S Burston, W Chaboyer, Marianne Wallis and J Stanfield
Journal of Advanced Nursing, Vol.67(11), pp.2488-2495
2011
url
https://doi.org/10.1111/j.1365-2648.2011.05706.xView
Published Version

Abstract

patient safety Studer Group® transformation
Aim. This article presents a discussion of three contemporary approaches to transforming care: Transforming Care at the Bedside, Releasing Time to Care: the Productive Ward and the work of the Studer Group ®. Background. International studies of adverse events in hospitals have highlighted the need to focus on patient safety. The case for transformational change was identified and recently several approaches have been developed to effect this change. Despite limited evaluation, these approaches have spread and have been adopted outside their country of origin and contextual settings. Data sources. Medline and CINAHL databases were searched for the years 1999-2009. Search terms included derivatives of 'transformation' combined with 'care', 'nursing', 'patient safety', 'Transforming Care at the Bedside', 'the Productive Ward' and 'Studer Group'. Discussion. A comparison of the three approaches revealed similarities including: the foci of the approaches; interventions employed; and the outcomes measured.
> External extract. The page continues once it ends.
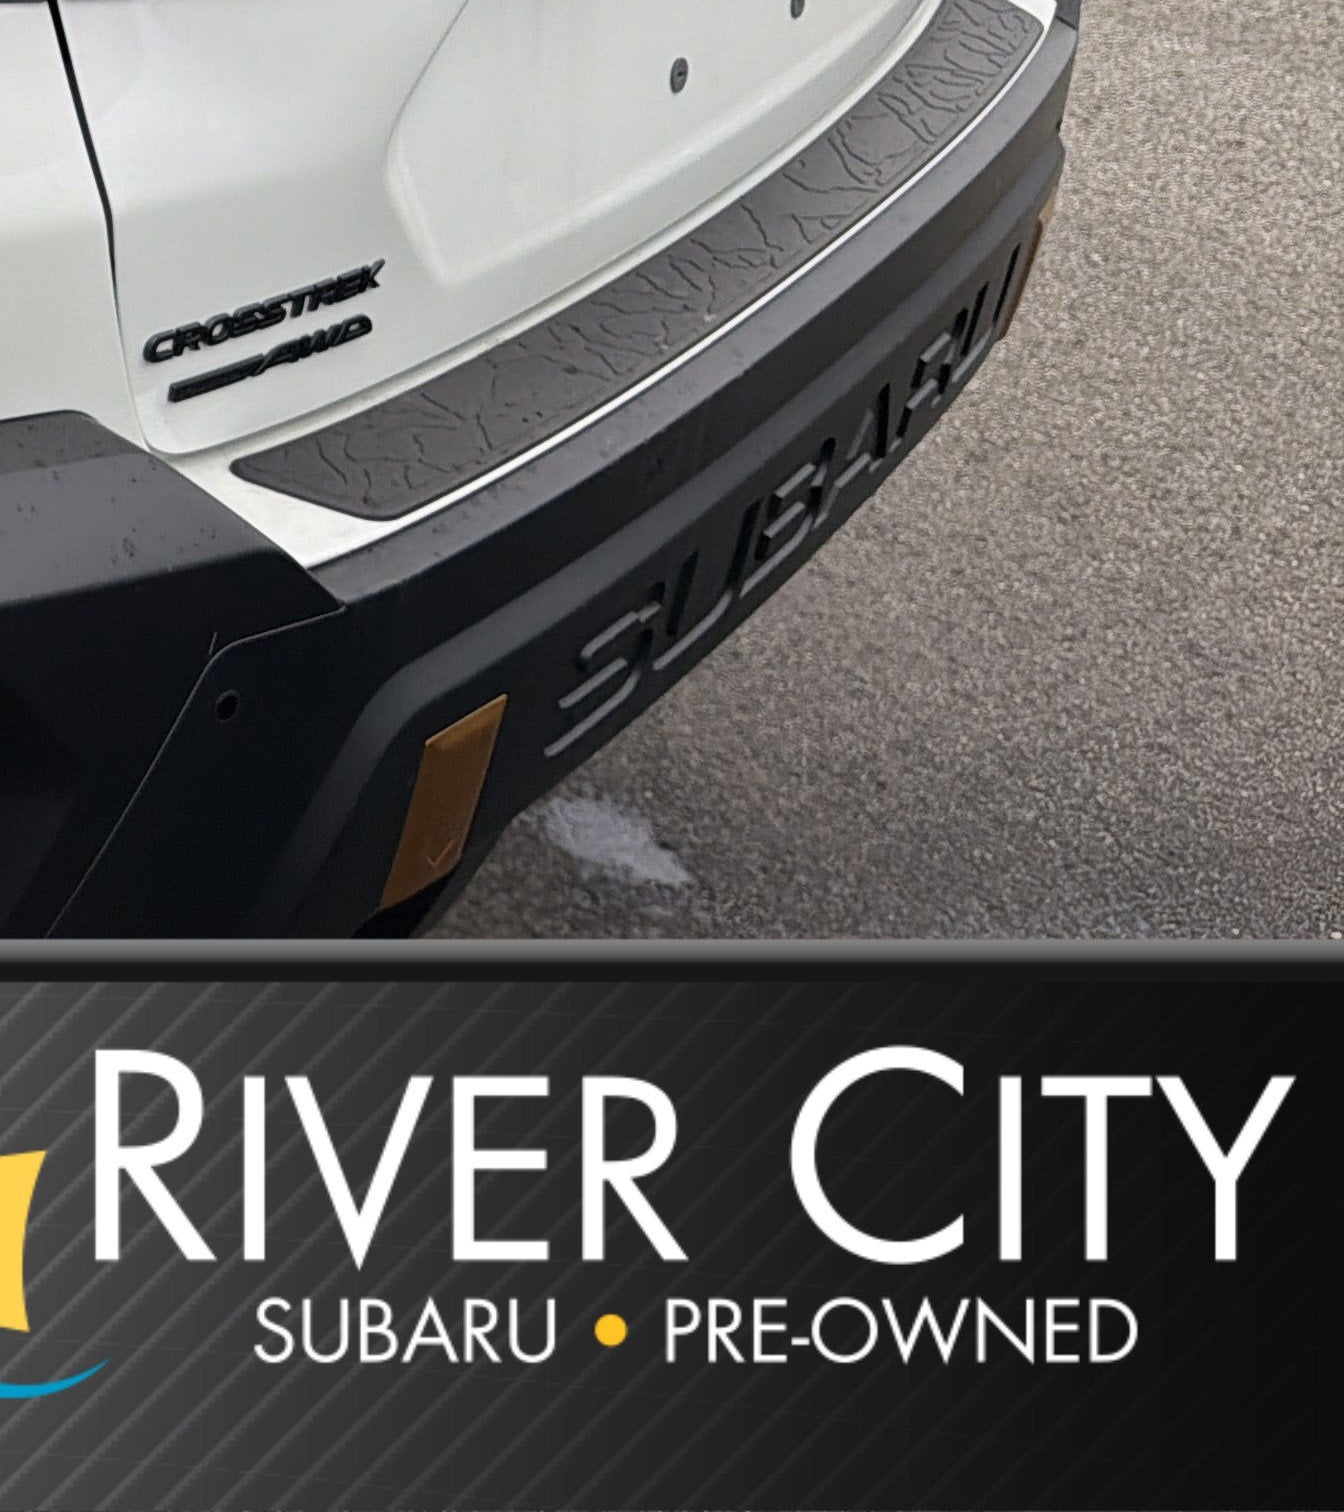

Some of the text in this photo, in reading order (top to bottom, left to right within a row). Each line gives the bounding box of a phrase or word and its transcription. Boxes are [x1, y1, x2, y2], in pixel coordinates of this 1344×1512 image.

[143, 258, 386, 363] CROSSTREK
[253, 313, 373, 376] AWD
[543, 243, 1021, 758] SUBARU
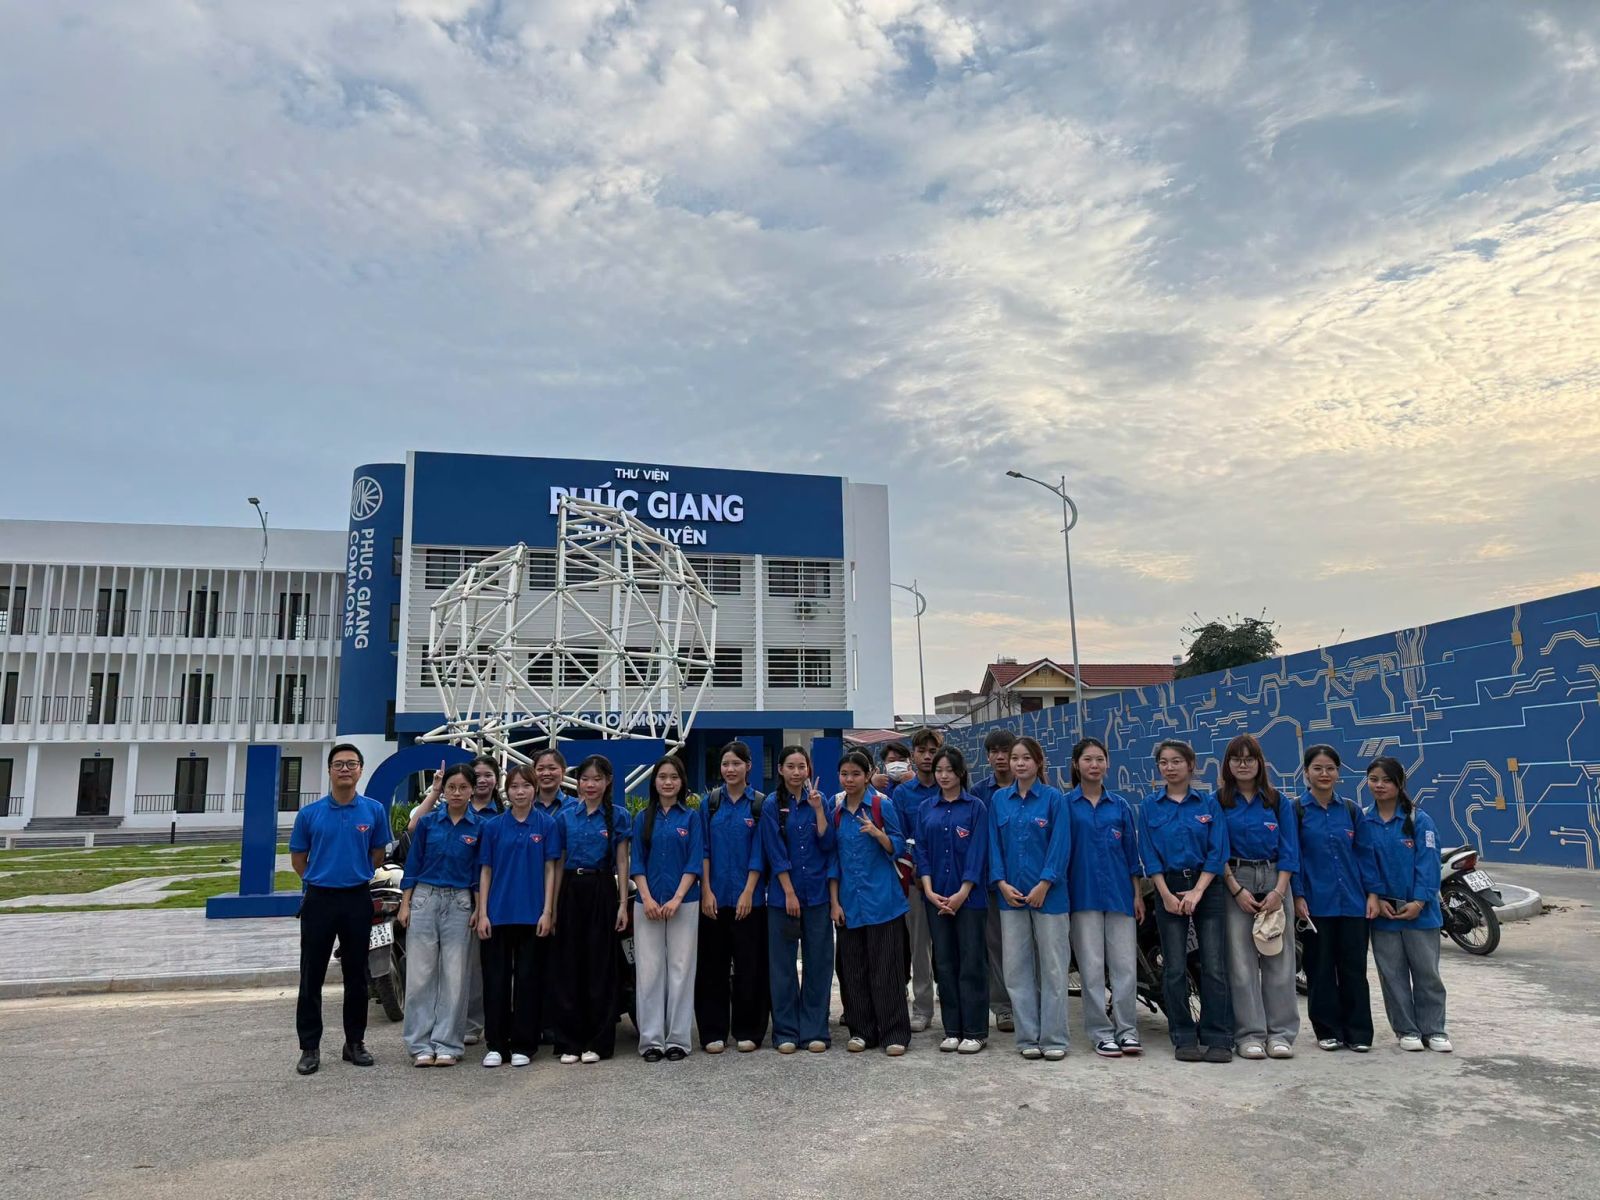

Key differences identified are the implementation models used, spread strategies and sustainability of the approaches. The approaches appear to be complementary and a hybrid of the approaches such as a blend of a top-down and bottom-up leadership strategy may offer more sustainable behavioural change. Implications for nursing. These approaches transform the way nurses do their work, how they work with others and how they view the care they provide to promote patient safety. Conclusion. All the approaches involve the implementation of multiple interventions occurring simultaneously to affect improvements in patient safety. The approaches are complementary and a hybrid approach may offer more sustainable outcomes.